Merkle DAGs offer a straightforward way of achieving data deduplication, efficiently storing data by encoding redundant sections as links. This can take place on both small and large scales.
For an example of small-scale data duplication, consider the use case of tracking changes files in a directory over time (this is often called versioning). One change we could make to this directory is to delete the "fish" directory, replacing it with a directory called "dogs". These changes result in a new DAG, representing an updated state of the directory. However, all of the nodes representing the "cats" directory and its files are common to both DAGs. Therefore, we can reuse them, as depicted below, where the orange nodes represent nodes that are only used in the original DAG, the green nodes represent those that are common to both, and the blue nodes represent the extra nodes needed for the new state.
This means that we can actually store both versions of the "pics" directory, without taking up twice as much space as it takes to store a single version! Git, a common version control system, uses Merkle DAGs in a very similar way to track changes to source code in software projects!

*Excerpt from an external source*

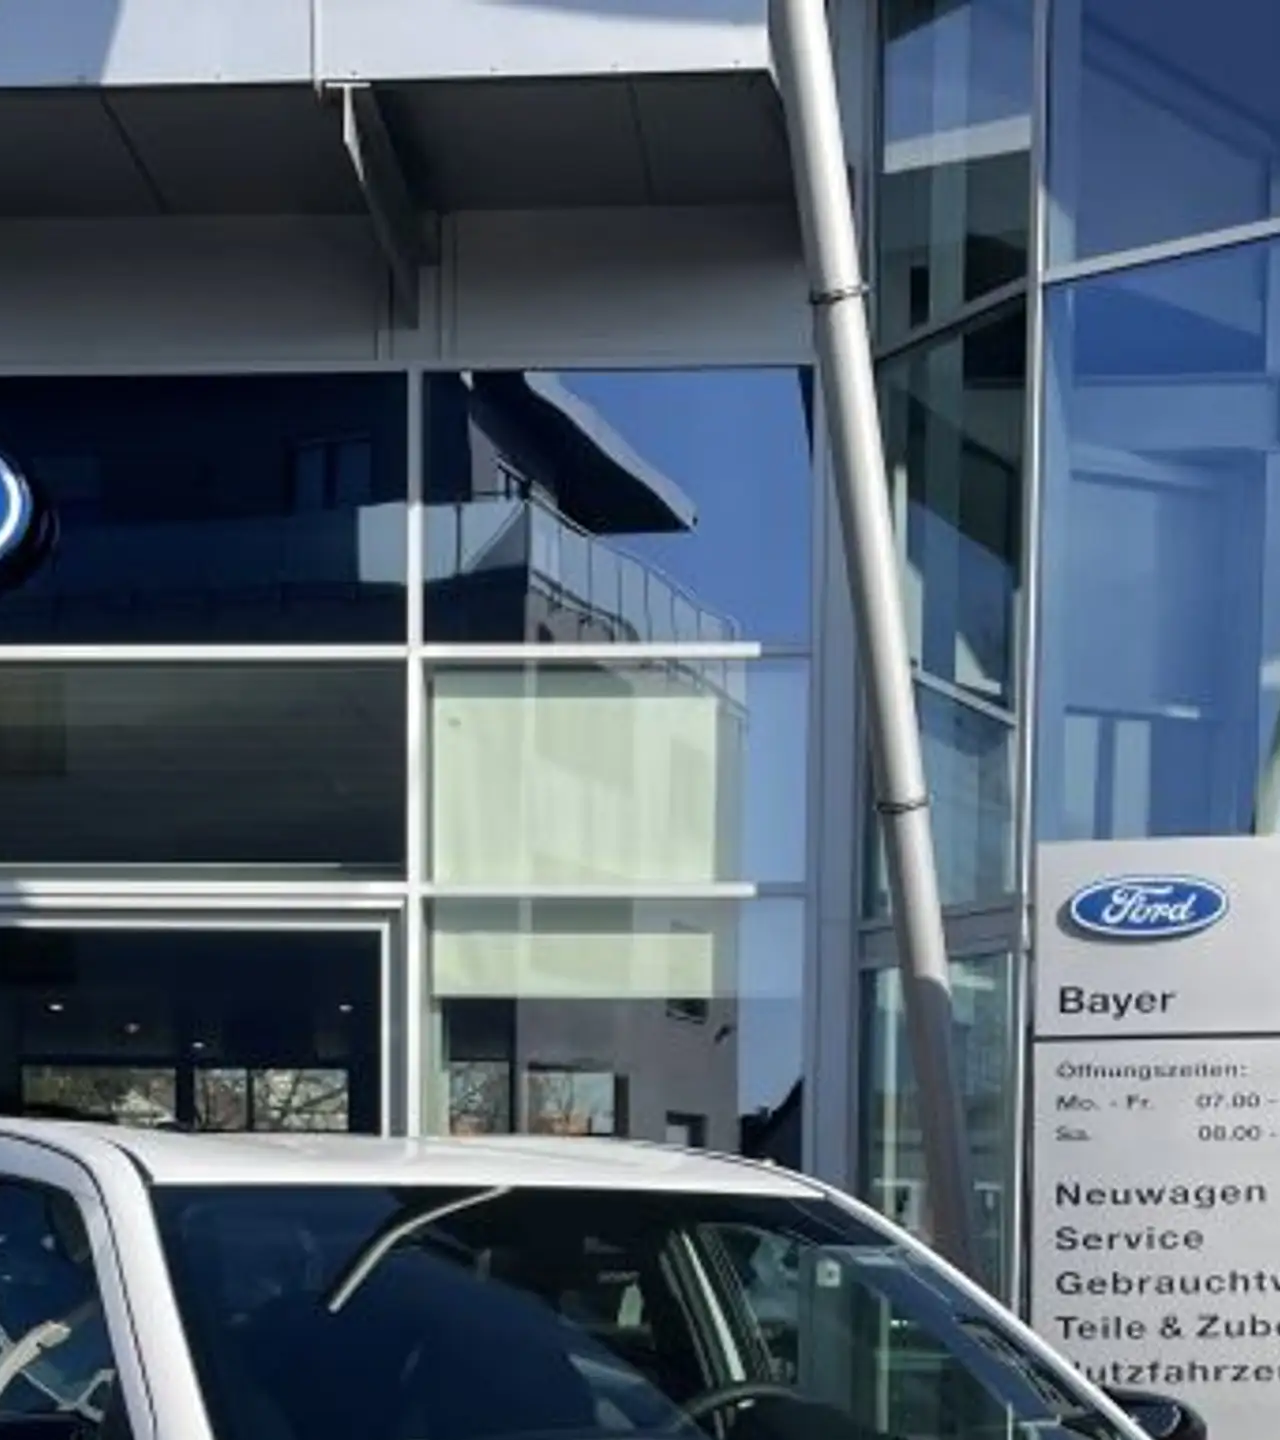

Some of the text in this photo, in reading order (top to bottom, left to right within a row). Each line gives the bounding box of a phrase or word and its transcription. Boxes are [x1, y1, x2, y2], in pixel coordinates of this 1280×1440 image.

Deduplication makes an even bigger difference when you expand this concept to a larger scale. For example, consider the use case of browsing the web! When a person visits a web page using a browser, the browser must first download any resources associated with the page, including images, text, and styling markup. You may have noticed that a lot of web pages actually look fairly similar, using slightly different variants of a common theme. Often, there's a lot of redundancy here—the themes are mostly the same, with tweaks here and there in the data that describes them.
Content addressing enables us to form something of a global, distributed file system. Using Merkle DAGs, you can "store" a massive dataset without really having to store it: as long as you have an Internet connection, you can retrieve the pieces you need at any given point in time. In fact, nobody has to store the entire dataset! CIDs allow us to seamlessly link and build data collections across computers, helping everybody to use storage space more efficiently (though, it should be noted, there are also often times we want to duplicate data for redundancy).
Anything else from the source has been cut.